Continuation from yesterday……(The Composition Of 2000 -2017 Bear Market)
Investment Strategy #2: What Most People Did (The Reality….Worst Possible Outcome).
Think about the following for a second. While “Buying & Holding Forever” is a nice catch phrase, very few investors out there can do so consistently. For instance, how many people do you know that were able not only to hold on to most of their stock positions during the bear legs of 2002 and 2008, but to add to their positions during the time. Chances are, not many.
For the purposes of this discussion, let’s assume that ….
- You were fortunate enough to originate your position in November of 1994. Right before the final 600% run up took place.
- Subsequently, you sold out half way through all of the bear legs and bought back in half way thought all of the bull market legs.
… which should be lot better than what most people were able to accomplish during this difficult time.
Given the circumstances above, your total ROI should have been around 425% by September of 2014 and approximately 320% by the time the bear market of 2014-2017 completes itself. Yielding a net annualized rate of return of 8.5% and 6.5% respectively. Not bad, but once again, buying and holding a 30-Year US Treasury in 1994 would have outperformed this gut wrenching speculation in Nasdaq by a fairly good margin.
Investment Strategy #3: Buy Low, Sell High, Go Short and Cover
As was suggested earlier, based on the cyclical composition within the stock market you should have been aware that the last phase of the 1982-1999/2000 bull market was about to start. In addition, you should have been aware that the upcoming cycle is likely to develop as a powerful “blow-off top” 5-Year cycle.

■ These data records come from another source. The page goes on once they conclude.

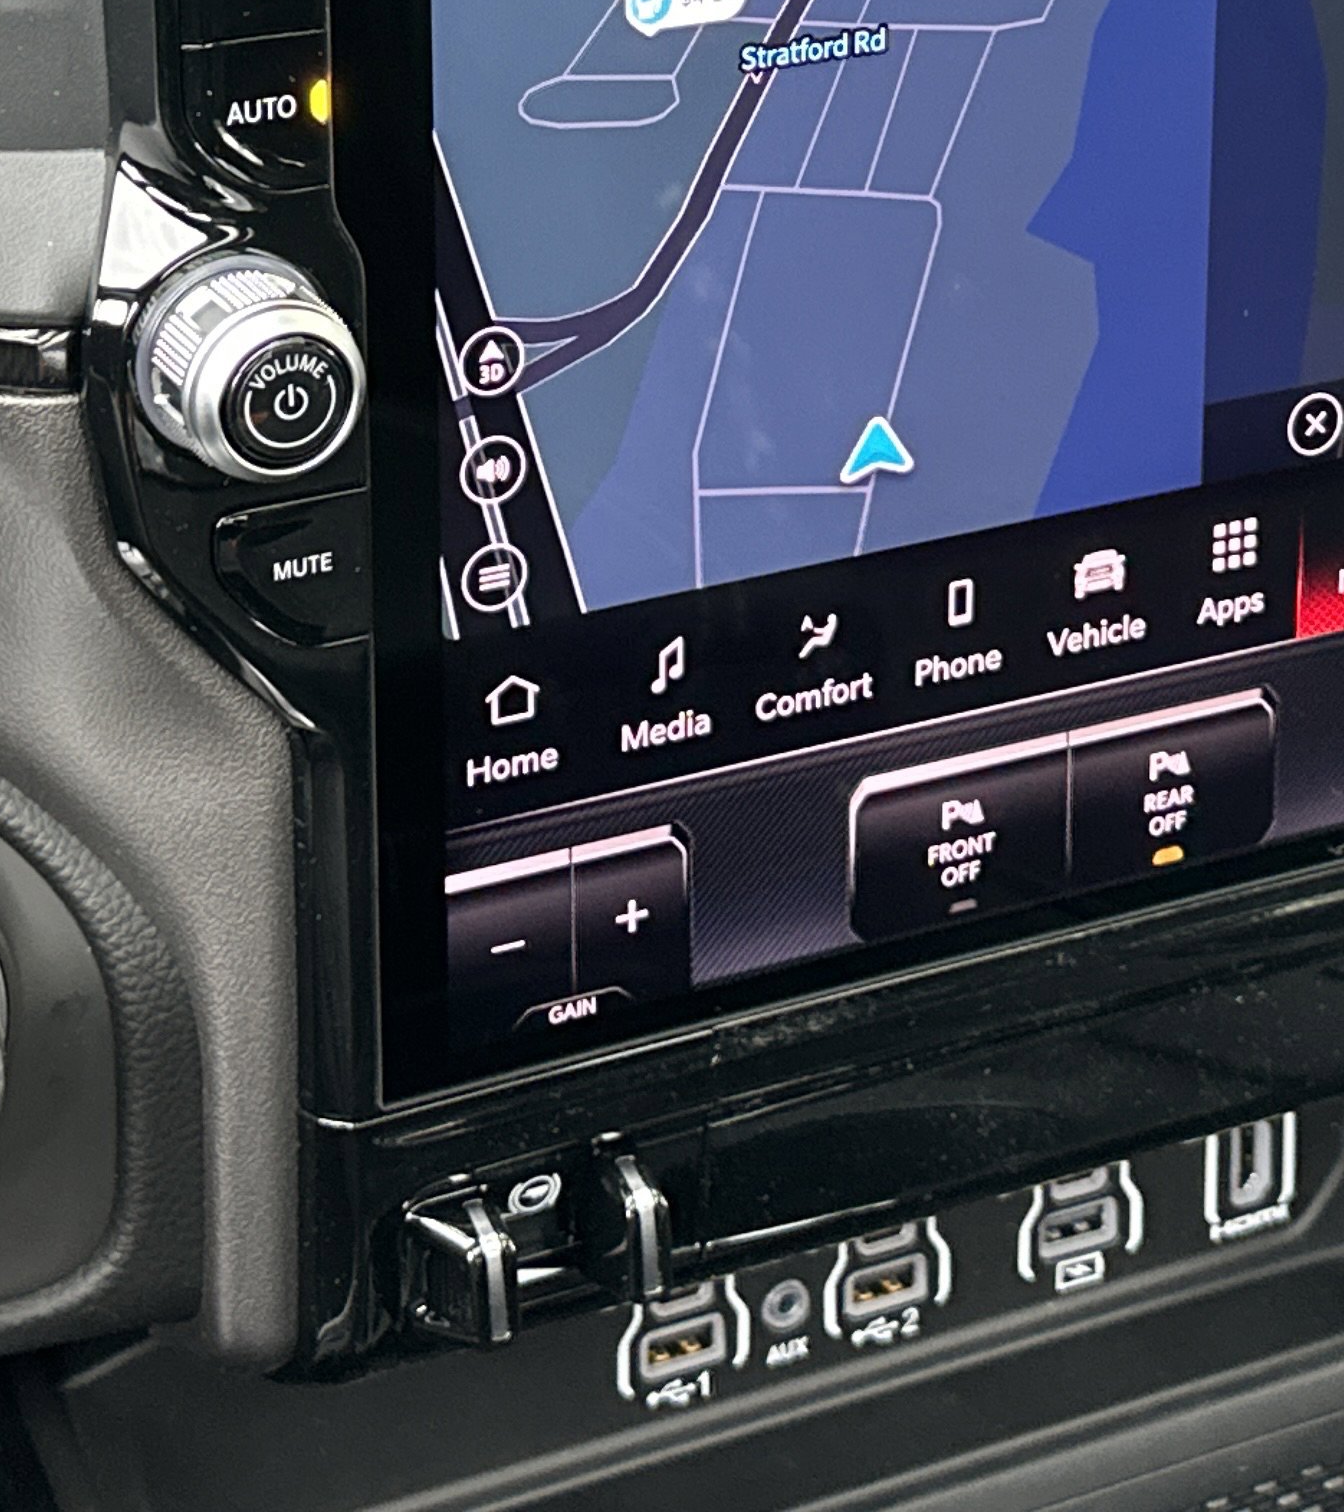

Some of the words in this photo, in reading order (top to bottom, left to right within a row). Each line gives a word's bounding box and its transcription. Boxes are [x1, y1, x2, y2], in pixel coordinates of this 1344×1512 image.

[741, 32, 848, 72] Stratford
[854, 27, 887, 52] Rd
[227, 95, 296, 126] AUTO
[248, 354, 330, 392] VOLUME
[478, 364, 505, 384] 3D
[273, 552, 333, 582] MUTE
[1197, 589, 1265, 626] Apps
[1047, 614, 1147, 658] Vehicle
[914, 648, 1003, 687] Phone
[756, 672, 873, 722] Comfort
[621, 710, 712, 752] Media
[467, 747, 559, 787] Home
[1143, 785, 1194, 813] REAR
[1148, 810, 1187, 837] OFF
[927, 831, 997, 867] FRONT
[940, 859, 982, 888] OFF
[548, 997, 596, 1026] GAIN
[901, 1307, 920, 1336] 2
[697, 1370, 710, 1398] 1

Leading you to initiate a long position in November of 1994.
Trade #1: Go long in November of 1994 at 720 on Nasdaq.
As October and November of 1999 rolled around, any investor familiar with the cyclical composition of the stock market should have been aware that a bull market was ending and that a 17-18 year bear market was about to begin. As a result, such investors would have been looking for any sign of a top and an opportunity to reverse position.
The first sign of a top occurred in early January of 2000 when the Dow topped out at 11,850. Exactly 5 years and 35 trading days after the cycle began in November of 1994. Yet, despite the Dow’s sell-off between January and March of 2000, the Nasdaq kept surging higher. Setting a blow off top in the process.

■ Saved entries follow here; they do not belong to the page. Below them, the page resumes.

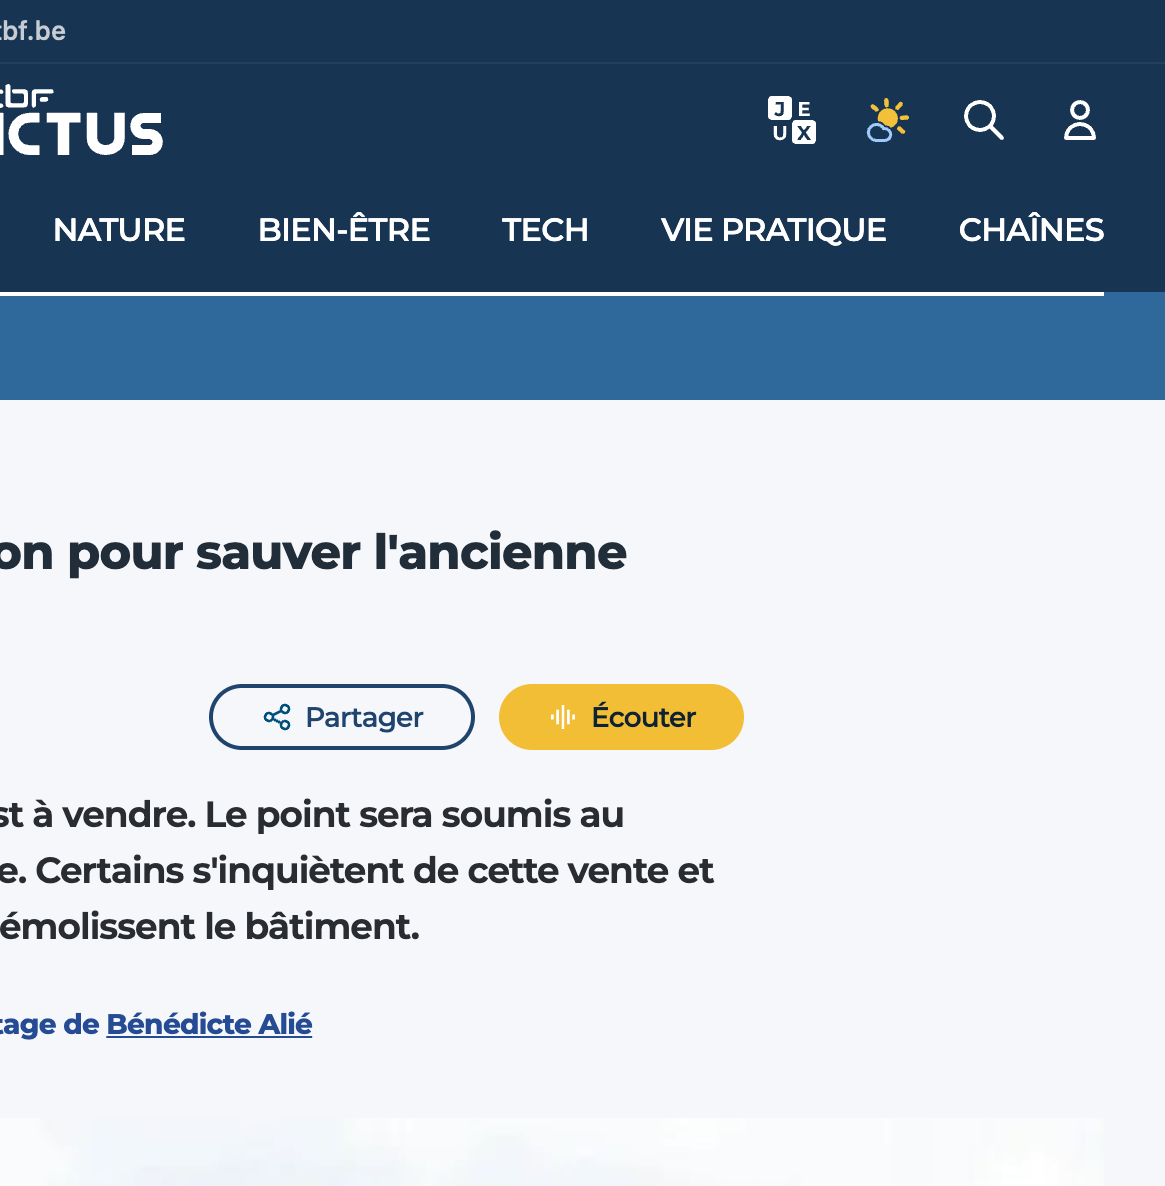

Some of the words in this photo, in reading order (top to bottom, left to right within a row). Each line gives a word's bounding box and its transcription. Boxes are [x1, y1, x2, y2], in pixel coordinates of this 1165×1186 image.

[55, 218, 185, 242] NATURE
[260, 212, 430, 241] BIEN-ÊTRE
[502, 218, 587, 242] TECH
[661, 218, 712, 241] VIE
[724, 218, 886, 246] PRATIQUE
[960, 212, 1104, 242] CHAÎNES
[70, 542, 183, 578] pour
[197, 542, 361, 570] sauver
[376, 530, 627, 570] l'ancienne
[308, 707, 424, 733] Partager
[593, 702, 696, 727] Écouter
[33, 800, 52, 827] à
[62, 800, 195, 827] vendre.
[207, 801, 247, 827] Le
[258, 798, 351, 834] point
[360, 807, 431, 827] sera
[442, 798, 571, 827] soumis
[581, 807, 623, 827] au
[36, 854, 184, 883] Certains
[193, 854, 404, 890] s'inquiètent
[414, 856, 458, 883] de
[468, 859, 559, 883] cette
[567, 859, 668, 883] vente
[678, 859, 714, 883] et
[207, 912, 235, 939] le
[247, 910, 419, 939] bâtiment.
[64, 1013, 99, 1034] de
[108, 1011, 251, 1034] Bénédicte
[258, 1011, 312, 1034] Alié

Believe it or not, that was an optimal outcome and a trade setup. This divergence should have been a clear sign that a blow off top was forming and that a market crash was likely once the top on the Nasdaq was set and confirmed. In fact, investors familiar with the cyclical composition above should have been watching the market like hawks for any sign of a top and bearish reversal. Ready to liquidate their long positions and go short at a moment’s notice.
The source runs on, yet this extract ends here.